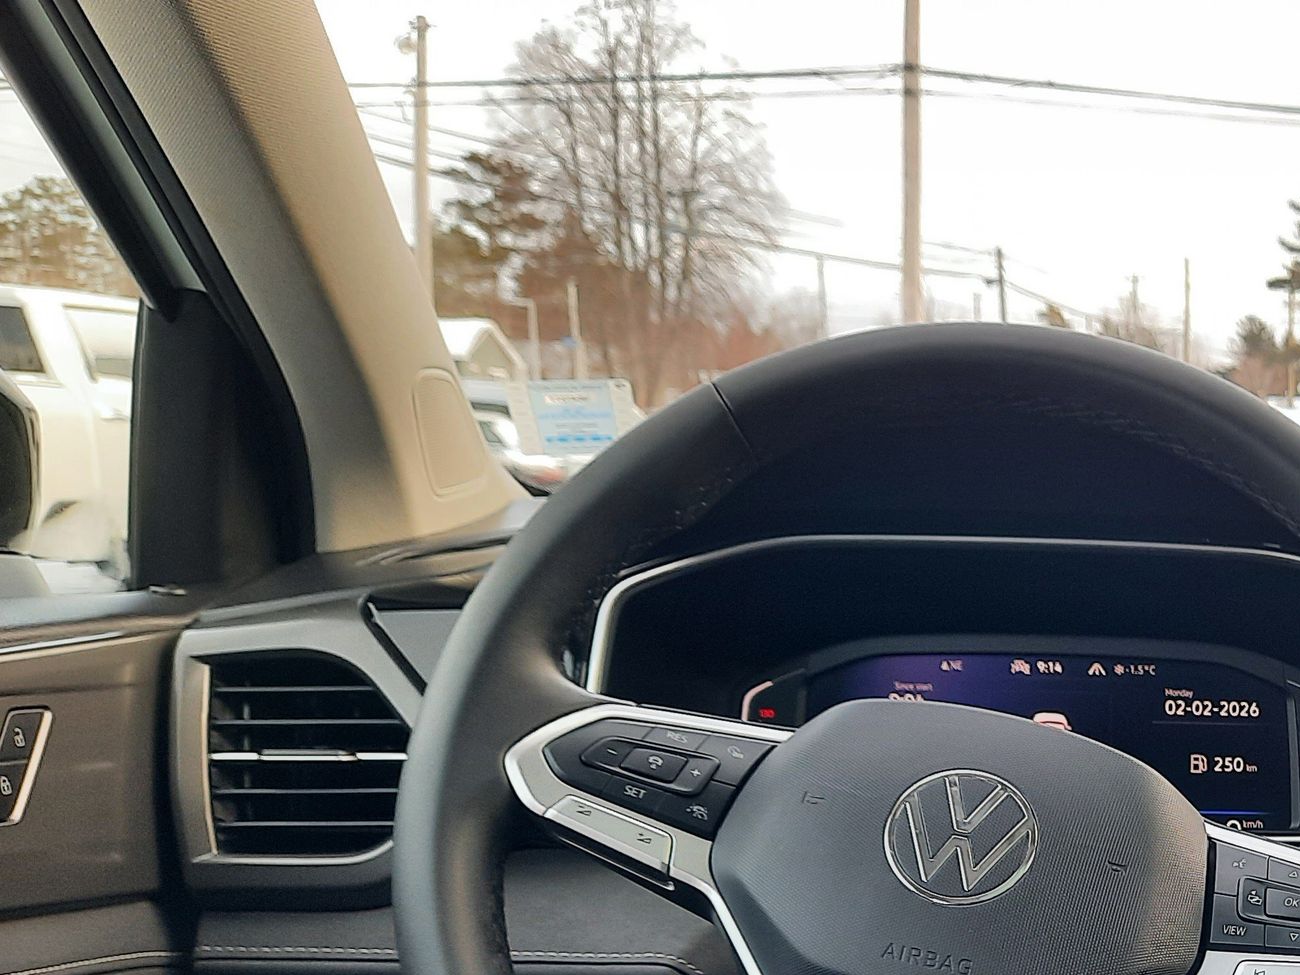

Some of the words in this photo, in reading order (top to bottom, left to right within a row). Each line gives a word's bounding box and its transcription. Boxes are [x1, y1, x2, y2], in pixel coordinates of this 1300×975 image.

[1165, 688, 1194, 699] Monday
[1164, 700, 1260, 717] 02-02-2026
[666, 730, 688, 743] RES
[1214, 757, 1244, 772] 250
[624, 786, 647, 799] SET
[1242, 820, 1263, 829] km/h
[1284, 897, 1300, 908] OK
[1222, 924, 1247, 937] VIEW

---+---

Only an exact copy of the records counts as an answer. Leave out the images.

Some of the words in this photo, in reading order (top to bottom, left to right within a row). Each line gives a word's bounding box and its transcription. Boxes are [x1, y1, x2, y2], in pixel coordinates of this 1300×975 image.

[1165, 688, 1194, 699] Monday
[1164, 700, 1260, 717] 02-02-2026
[666, 730, 688, 743] RES
[1214, 757, 1244, 772] 250
[624, 786, 647, 799] SET
[1242, 820, 1263, 829] km/h
[1284, 897, 1300, 908] OK
[1222, 924, 1247, 937] VIEW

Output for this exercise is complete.